The secondary efficacy endpoints were consistent with the IGA-CHE. On the Hand Eczema Severity Index (HECSI), about half of those randomized to delgocitinib in DELTA 1 and DELTA 2 achieved a score of 75 (HECSI-75), signaling a 75% reduction in lesions and symptoms, such as pruritus and pain. At the end of DELTA 3, this proportion remained unchanged, according to Gooderham.

For the higher bar of HECSI-90, just under a third of patients met this level of success at the end of the 16-week phase 3 studies, and the proportion had not changed at the end of the extension. The proportion of patients with a Dermatology Life Quality Index improvement of ≥ 4 points from baseline, which is considered clinically significant, was also maintained over the extended follow-up.

Given the limitations of prolonged topical steroid use, which is one of the most common therapies prescribed for chronic eczema, Gooderham indicated that this JAK inhibitor could address an important unmet need if and when it is approved. Delgocitinib cream has already been approved in Japan.

Currently, “there are no topical treatments specifically developed and approved for chronic hand eczema,” Gooderham said. She noted that there is no evidence that topical application of delgocitinib as recommended results in systemic exposure.

Need for Hand Eczema Therapy Is Strong

The need for an effective therapy for eczema of the hands is substantial, according to Raj Chovatiya, MD, PhD, assistant professor of dermatology, at Northwestern University, Chicago, Illinois, who was asked to comment on the results. Chovatiya has written frequently about atopic dermatitis in general, including a patient information article last year in the Journal of the American Medical Association, and about the role of JAK inhibitor therapy for this disease specifically.

“Chronic hand eczema is the bane of our existence in dermatology given its multifactorial etiology and lack of targeted therapies that can address the multiple pathologies of the disease,” Chovatiya told Medscape Medical News.

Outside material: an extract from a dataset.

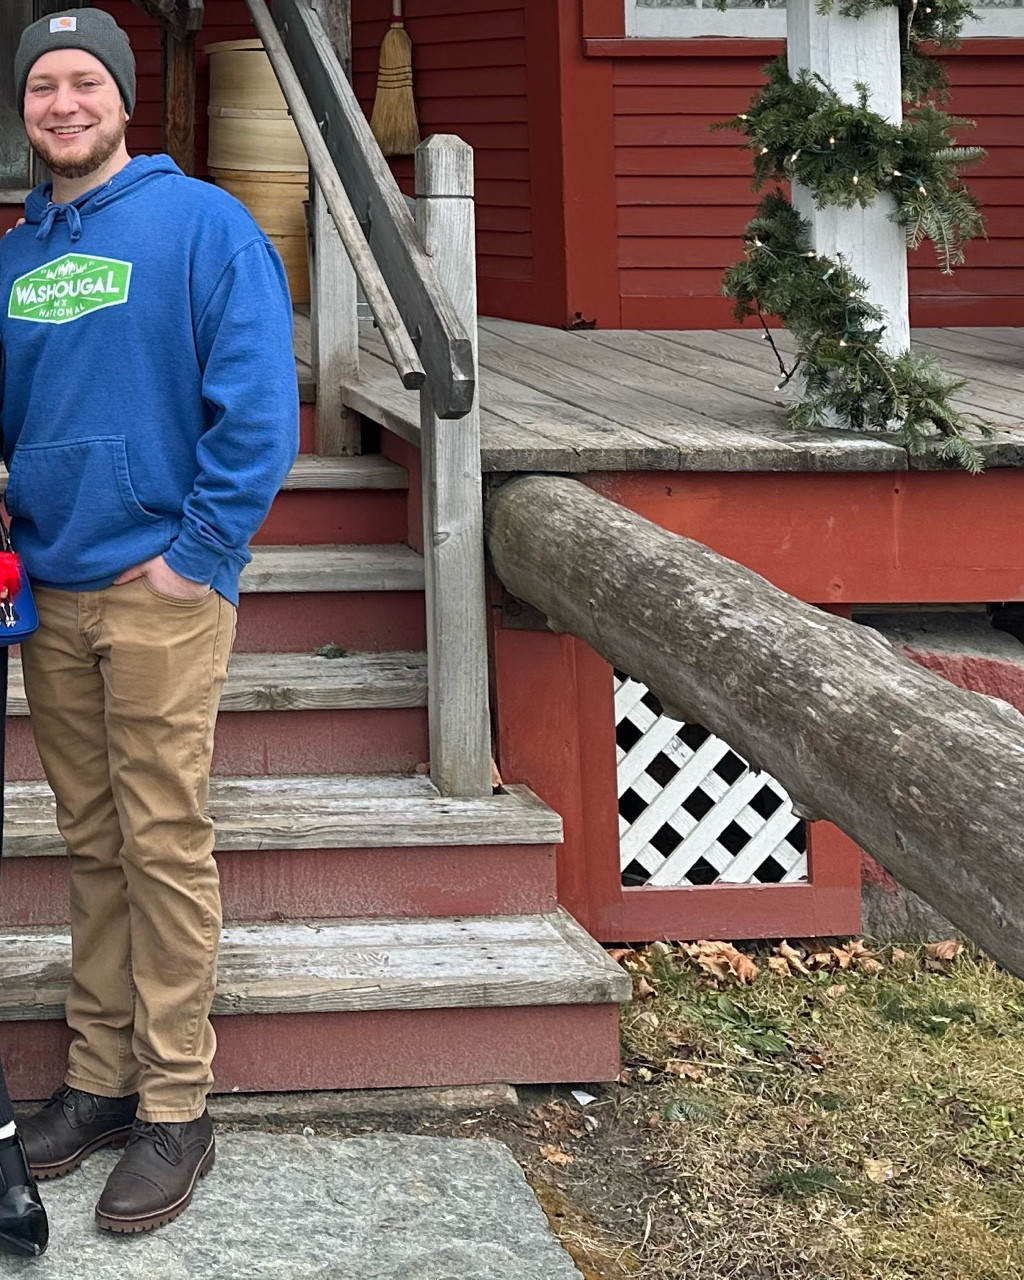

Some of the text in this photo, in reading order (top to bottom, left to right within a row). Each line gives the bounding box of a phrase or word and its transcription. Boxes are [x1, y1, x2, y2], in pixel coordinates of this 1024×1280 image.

“The DELTA 3 study shows that the as-needed twice daily use of delgocitinib cream over the 36-week extension period, modeling the real-world topical-use patterns of our patients, led to consistent treatment success alongside a favorable safety profile,” he added.

He echoed the remarks of Gooderham, specifying that DELTA 3 results “strongly support delgocitinib as a potential topical first-in-class, pan-Janus kinase inhibitor for the treatment of chronic hand eczema.”

Gooderham spoke on March 9, 2024, in the late-breaking abstract session of the AAD meeting in San Diego, California. 

Gooderham reported financial relationships with more than 35 pharmaceutical companies, including Leo Pharma, which sponsored the DELTA phase 3 studies of delgocitinib. Chovatiya reported financial relationships with about 15 pharmaceutical companies, including those that produce JAK inhibitors, but he has no financial relationship with Leo Pharma. 

Ted Bosworth is a medical journalist based in New York City.